Antigen cross-presentation by dendritic cell subsets: one general or all sergeants?

Abstract

Antigen cross-presentation describes the process through which dendritic cells (DCs) acquire exogenous antigens for presentation on MHC class I molecules. The ability to cross-present has been thought of as a feature of specialized DC subsets. Emerging data, however, suggest that the cross-presenting ability of each DC subset is tuned by and dependent on several factors, such as DC location and activation status, and the type of antigen and inflammatory signals. Thus, we argue that capacity of cross-presentation is not an exclusive trait of one or several distinct DC subtypes, but rather a common feature of the DC family in both mice and humans. Understanding DC subset activation and antigen-presentation pathways might yield improved tools and targets to exploit the unique cross-presenting capacity of DCs in immunotherapy.
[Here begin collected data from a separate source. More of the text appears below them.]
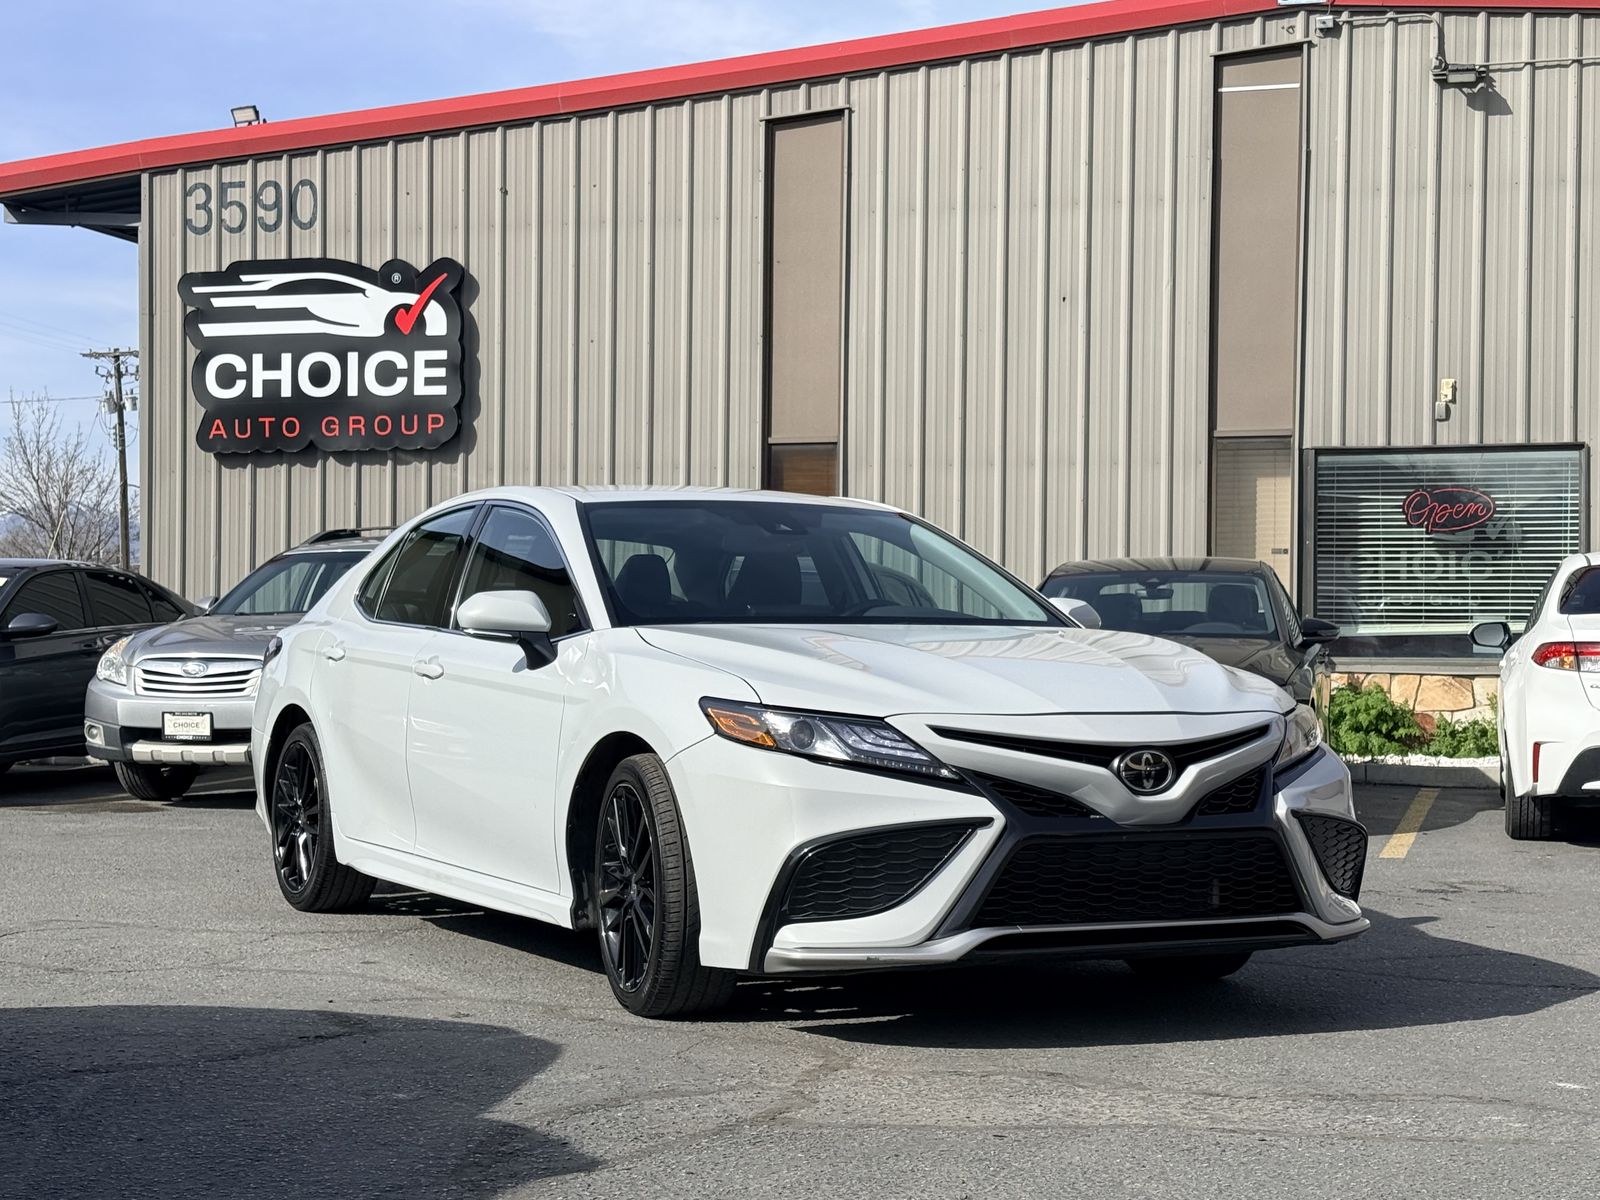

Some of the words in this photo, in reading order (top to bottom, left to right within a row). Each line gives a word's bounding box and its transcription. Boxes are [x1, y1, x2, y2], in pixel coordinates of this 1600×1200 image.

[185, 179, 318, 235] 3590
[205, 350, 448, 399] CHOICE
[209, 417, 301, 439] AUTO
[321, 413, 446, 437] GROUP
[1404, 491, 1487, 533] Open
[1343, 549, 1504, 582] CHOIC
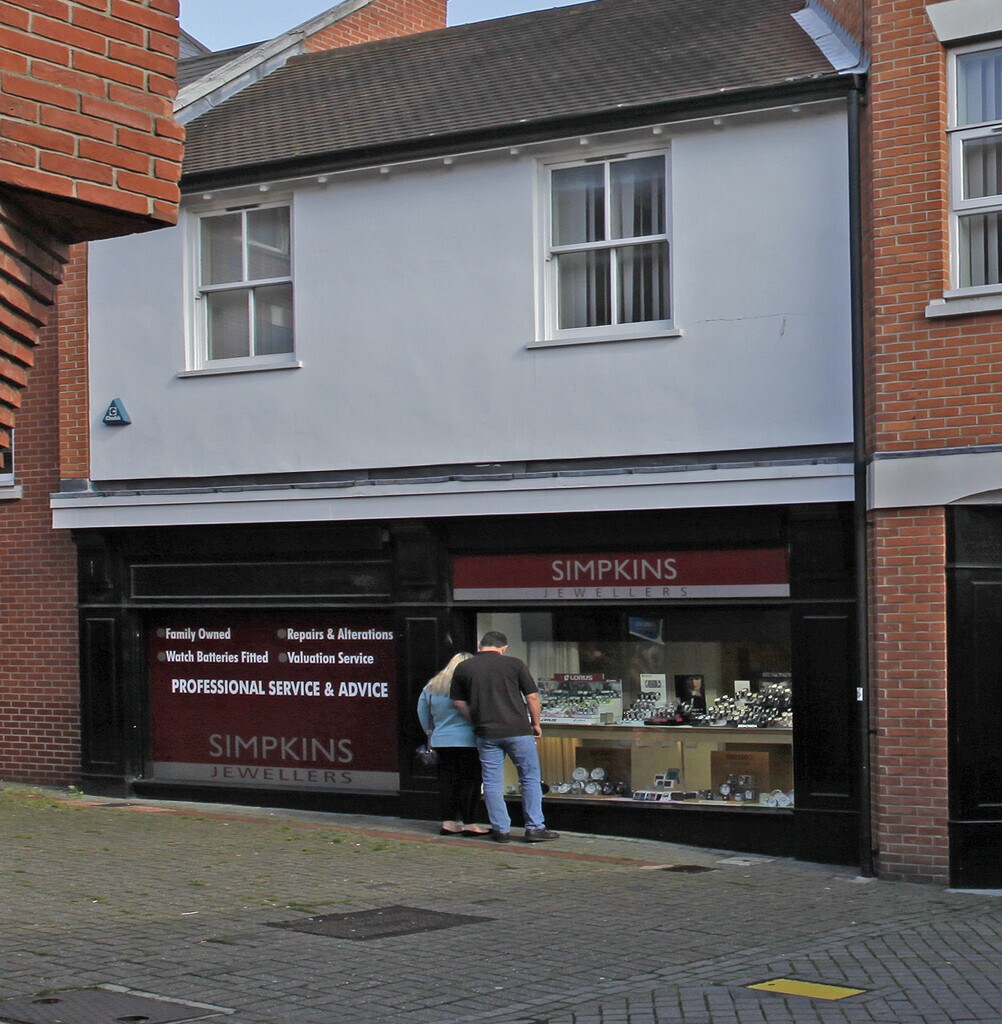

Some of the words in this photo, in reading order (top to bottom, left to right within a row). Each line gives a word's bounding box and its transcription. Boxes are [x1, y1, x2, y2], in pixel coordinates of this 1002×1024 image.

Keywords: antigen presentation; cross-presentation; dendritic cell subsets; immunotherapy.

Figure 1

Decisive factors in dendritic cell (DC) cross-presentation. The ability of DCs to cross-present antigens is not just an intrinsic property of the specific DC subset, but is also determined by: (i) type of antigen; (ii) presence of DC stimulatory factors; and (iii) timing and phase of the immune response. DCs encounter antigens of many origins, shapes, and sizes. The ability of DCs to internalize soluble antigens, immune complexes, dying cells, or whole pathogens is largely determined by the repertoire of antigen uptake receptors (e.g., Fc receptors, CD36, and C-type lectins) and the ability to engulf antigens through receptor-independent processes. The dynamic endocytic receptor expression is, in turn, affected by ligation of pattern-recognition receptors [PRRs; e.g., Toll-like receptors (TLRs), NOD-like receptors (NLRs), RIG-like helicases (RLHs)] recognizing a particular group of pathogens expressing a unique set of pathogen- or danger-associated molecular patterns (PAMPs/DAMPs). These stimuli are also able to modulate the intracellular mechanisms of cross-presentation, emphasizing the significance of different adjuvants used in different studies. In addition, the surrounding cellular and soluble factors in the micro-milieu can significantly alter the cross-presenting potential of DCs. The effects of all these modulating factors are concordantly dependent on the timing relative to antigen processing by the DCs and thereby affect the outcome for T cell activation in different phases of the immune response.